Well, let me clarify: The deal I'm talking about is an early-bird special, so it's only good from 4 to 6:30 p.m. daily. But it's such a singular value that it can't be easily dismissed.
Moreover, the atmosphere and food at this year-old steakhouse, situated on the island in the former Janeiro space, are of such high quality that I wouldn't think twice about coming back and paying the full-freight prices of $75-plus for a three-course meal.
So, here's the deal: On the early bird, that same three-course meal is $35. And that price includes a glass of the house wine.
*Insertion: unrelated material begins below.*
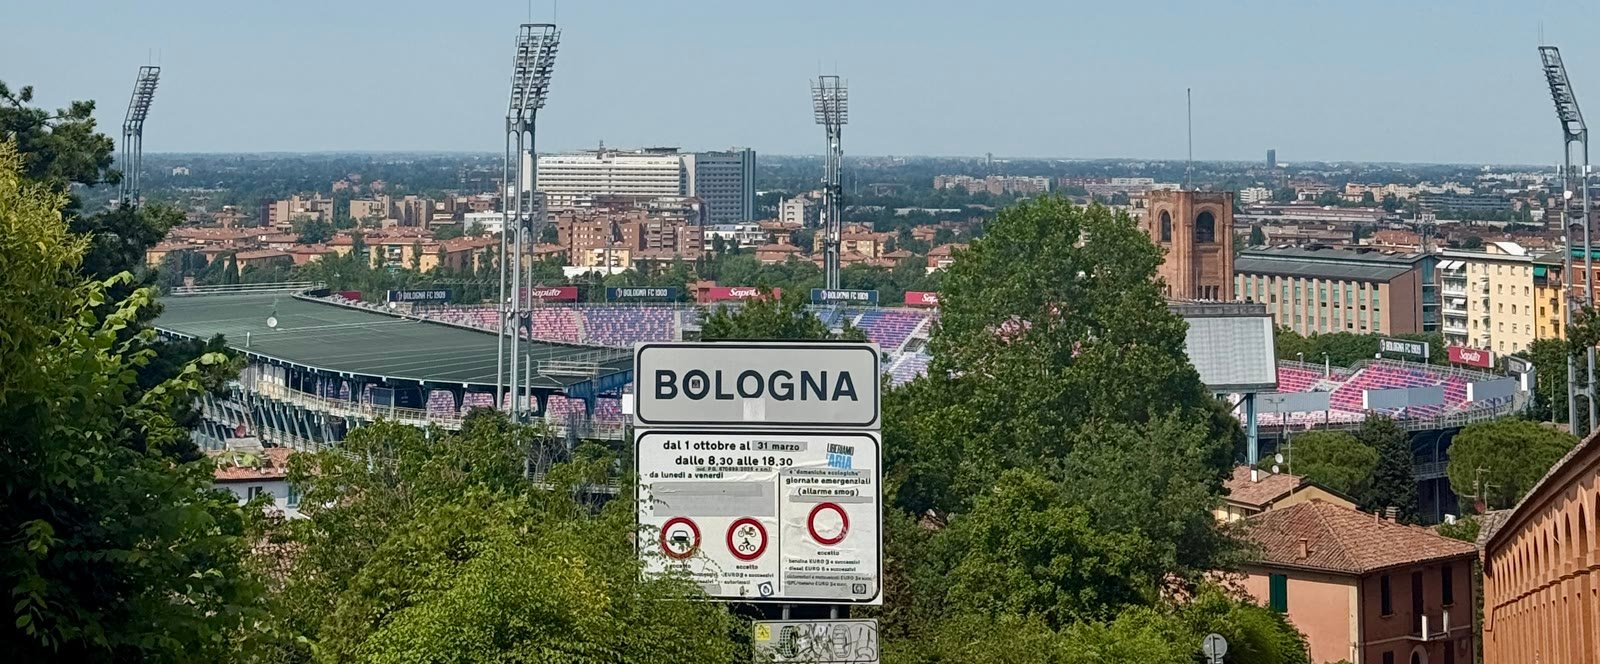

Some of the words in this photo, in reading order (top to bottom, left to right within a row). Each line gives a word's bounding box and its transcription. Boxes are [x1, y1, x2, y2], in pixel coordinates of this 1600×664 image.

What makes it extra special is that chef/owner Andreas Kotsifos, a Greek native who came to Palm Beach by way of New York, is letting patrons pick any three items (with the sole exception of the rib-eye steak). A sample meal might consist of the steak tartare (normally priced at $18) as an appetizer, the steak au poivre ($39) as an entrée and maybe a slice of chocolate cake for dessert. Kotsifos doesn't stint in any way: The beef is prime, the portions generous and the preparations extraordinarily refined.
Of course, the dining room never changes no matter what the time. It's a club-like space with a piano bar off to the side, all very reminiscent of the Palm Beach (or New York) of yesteryear. Tablecloths are linen, service is warm and knowing and the wine list has a bottle to fit every price range, from a $28 California Cabernet Sauvignon to a $450 vintage Champagne.
And as befits a club, the Palm Beach Steakhouse isn't really a steakhouse so much as an old-school continental restaurant, with a few twists here and there. The menu is full of forgotten favorites - say, steak Diane or veal Oscar.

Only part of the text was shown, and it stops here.